Sömürüsüz bir dünya mücadelesinde hep birlikte kolkolayız!
(DİSK Genel Başkanı Kani Beko’nun, KESK’in 8. Olağan Genel Kurulu’nda yaptığı konuşma…)
Sayın Divan, Değerli Dostlarım,
Kamu Emekçileri Sendikaları Konfederasyonu, KESK’in Değerli Delegeleri,
Hepinizi Türkiye Devrimci İşçi Sendikaları Konfederasyonu, DİSK adına saygıyla selamlıyorum.
Değerli Kardeşlerim,
On yıllardır Türkiye işçi sınıfının hak ve özgürlükleri için, emekçi halkın huzur ve esenliği için, toplumsal gelişme ve barış için, sömürüsüz bir ülke ve Dünya için, bağımsızlık, eşitlik ve adalet için ve tabii ki barış için omuz omuza, birlikte mücadele ediyoruz.
Bugünkü koşullar, bizlere bu tarihsel birlikteliğimizi daha da güçlendirme sorumluluğu yüklemektedir. Türkiye, tarihi ve büyük bir bunalım döneminden geçmektedir. Biliyorsunuz böyle bunalım dönemleri halkları ve ülkeleri yaşamsal kararlarla yüz yüze bırakırlar. Bizler de böyle bir dönemdeyiz; işçi sınıfının çıkarları ekseninde kendimizi örgütleme göreviyle yüz yüzeyiz.
Değerli Kardeşlerim,
Zorlu bir mücadelenin içindeyiz; hukuk devleti için, demokrasi, adalet ve özgürlük için mücadele alanlarındayız. İşyerlerimizde, sokaklarda, meydanlarda, mahkeme salonlarında kısacası hayatın her alanında bu mücadeleyi yürütüyoruz.
İşçi sınıfının bin bir oyunla örgütsüzleştirildiği, sömürünün derinleştiği, işçi yaşamının hiçe sayıldığı koşulların yanı sıra ülkemizin Ortadoğu’da bir savaş bataklığına sürüklenmesine, Hükümet eliyle eli kanlı cihat çetelerine güç verildiğine ve halkımızın her türden ayrımcılığın batağına itilmesine tanıklık ediyoruz.
Bu durum, hepimizi başlı başına birçok sorumlulukla karşı karşıya bırakıyor.
Değerli Kardeşlerim,
Türkiye işçi sınıfı olarak tarihimizin en büyük dramlarından birisini 13 Mayıs günü yaşadık. Burada sizlerin huzurunda bu katliamı anmadan geçemeyeceğim.

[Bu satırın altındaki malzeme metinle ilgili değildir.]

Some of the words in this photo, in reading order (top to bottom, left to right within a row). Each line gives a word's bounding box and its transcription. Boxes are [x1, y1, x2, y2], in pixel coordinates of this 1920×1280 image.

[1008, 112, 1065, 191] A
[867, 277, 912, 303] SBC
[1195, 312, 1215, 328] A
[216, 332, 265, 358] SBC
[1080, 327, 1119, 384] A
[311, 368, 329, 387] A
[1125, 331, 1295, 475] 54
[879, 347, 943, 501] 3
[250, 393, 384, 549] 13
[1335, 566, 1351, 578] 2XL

Soma’da yaşanan felaket bir madenci katliamıdır. Bu katliam, Dünya madencilik tarihinin ve işçi sınıfı tarihinin de en büyük kıyımlarından birisidir.
Bu katliamın nedenleri üzerinde durmayı burada çok gerekli görmüyorum. Ama bu katliamdan mutlaka dersler çıkarmak mecburiyetindeyiz. Öncelikle sendika vasfı taşımayan işverenlerin taşeronluğuna soyunan sendikalarla ayrım çizgilerini kalınlaştırılmalıyız. İkincisi işçi sınıfını örgütlemek için verdiğimiz mücadeleyi daha da yükseltmek, güçlendirmek zorundayız. Tabanda birlik ve dayanışma zeminlerini geliştirmek durumundayız. Tabanla bağlarımızı güçlendirmek zorundayız.
Değerli Kardeşlerim,
Hepinizin bildiği gibi, esnekliğin ve taşeron çalıştırmanın yaygınlaştırılması, sendikaların baskı altına alınması ve sömürünün derinleştirilmesi bir Hükümet politikasıdır. Bu politikalara karşı ayrım yapmadan işçi sınıfının bir bütün olarak sömürü ve baskı düzenine karşı birlikte mücadelesi kaçınılmaz bir zorunluluktur.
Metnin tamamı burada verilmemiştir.